> _Stored entries_:
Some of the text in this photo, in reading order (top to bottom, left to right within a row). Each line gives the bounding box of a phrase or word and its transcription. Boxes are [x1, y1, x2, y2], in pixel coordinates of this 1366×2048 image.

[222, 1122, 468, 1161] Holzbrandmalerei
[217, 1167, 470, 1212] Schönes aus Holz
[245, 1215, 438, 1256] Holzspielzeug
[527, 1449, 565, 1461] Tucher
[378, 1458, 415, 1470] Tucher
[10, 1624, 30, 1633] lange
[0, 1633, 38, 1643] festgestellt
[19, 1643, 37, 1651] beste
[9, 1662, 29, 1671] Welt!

> _TASK TO COMPLETE_:
Set down the records again, exactly.

> _EXERCISE RESPONSE_:
Some of the text in this photo, in reading order (top to bottom, left to right within a row). Each line gives the bounding box of a phrase or word and its transcription. Boxes are [x1, y1, x2, y2], in pixel coordinates of this 1366×2048 image.

[222, 1122, 468, 1161] Holzbrandmalerei
[217, 1167, 470, 1212] Schönes aus Holz
[245, 1215, 438, 1256] Holzspielzeug
[527, 1449, 565, 1461] Tucher
[378, 1458, 415, 1470] Tucher
[10, 1624, 30, 1633] lange
[0, 1633, 38, 1643] festgestellt
[19, 1643, 37, 1651] beste
[9, 1662, 29, 1671] Welt!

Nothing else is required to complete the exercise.